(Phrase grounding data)

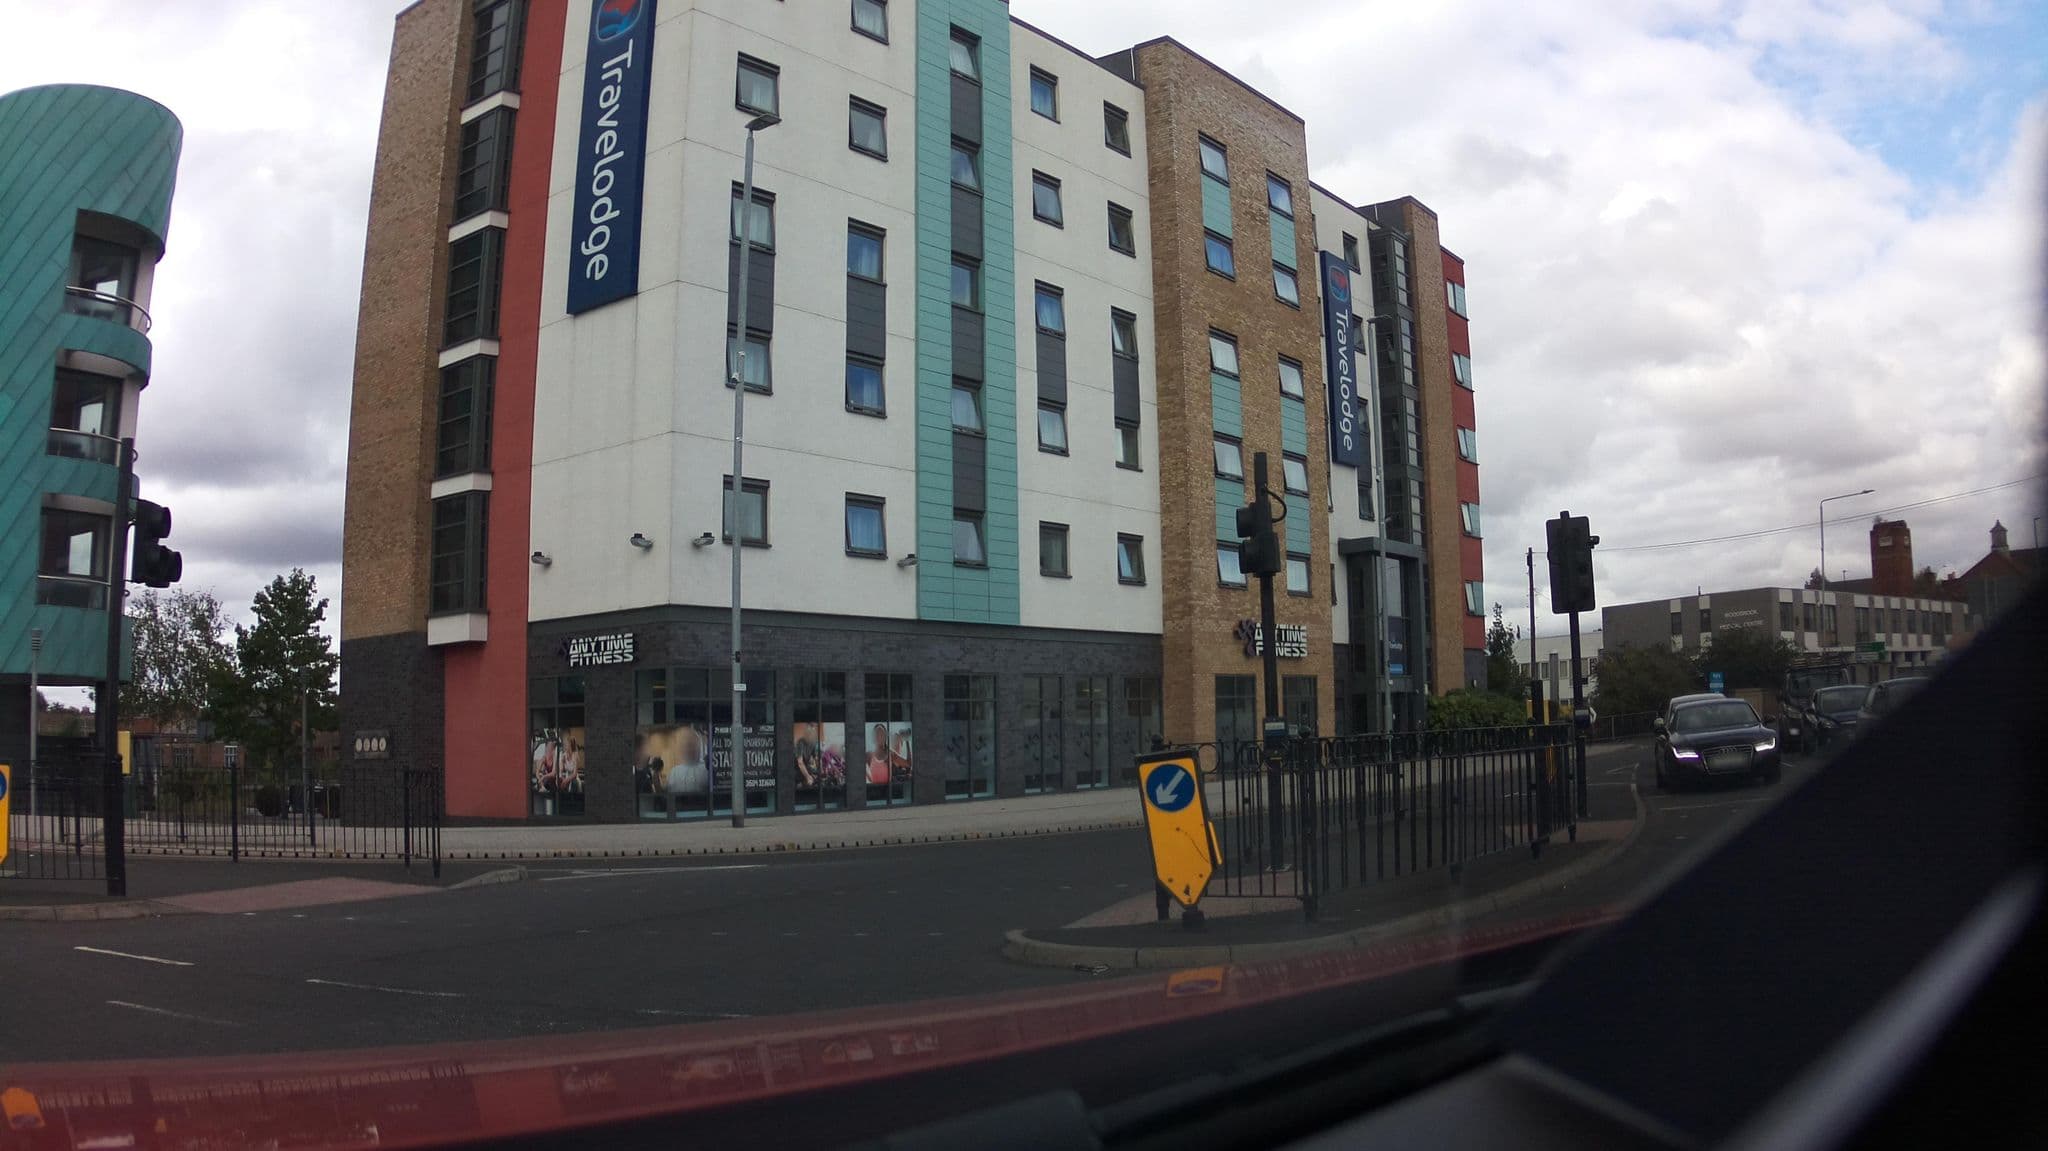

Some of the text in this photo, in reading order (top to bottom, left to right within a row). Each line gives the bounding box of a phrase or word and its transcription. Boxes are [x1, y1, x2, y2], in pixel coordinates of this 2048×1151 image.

[581, 39, 634, 281] Travelodge
[1335, 309, 1354, 452] Travelodge
[569, 633, 634, 655] ANYTIME
[1255, 641, 1308, 656] FNESS
[569, 649, 634, 668] FITNESS
[712, 749, 774, 768] STA TODAY

- _What the task requires_
Copy every record exactly as it appears, apart from any pictures.

- _Exercise output_
Some of the text in this photo, in reading order (top to bottom, left to right within a row). Each line gives the bounding box of a phrase or word and its transcription. Boxes are [x1, y1, x2, y2], in pixel coordinates of this 2048×1151 image.

[581, 39, 634, 281] Travelodge
[1335, 309, 1354, 452] Travelodge
[569, 633, 634, 655] ANYTIME
[1255, 641, 1308, 656] FNESS
[569, 649, 634, 668] FITNESS
[712, 749, 774, 768] STA TODAY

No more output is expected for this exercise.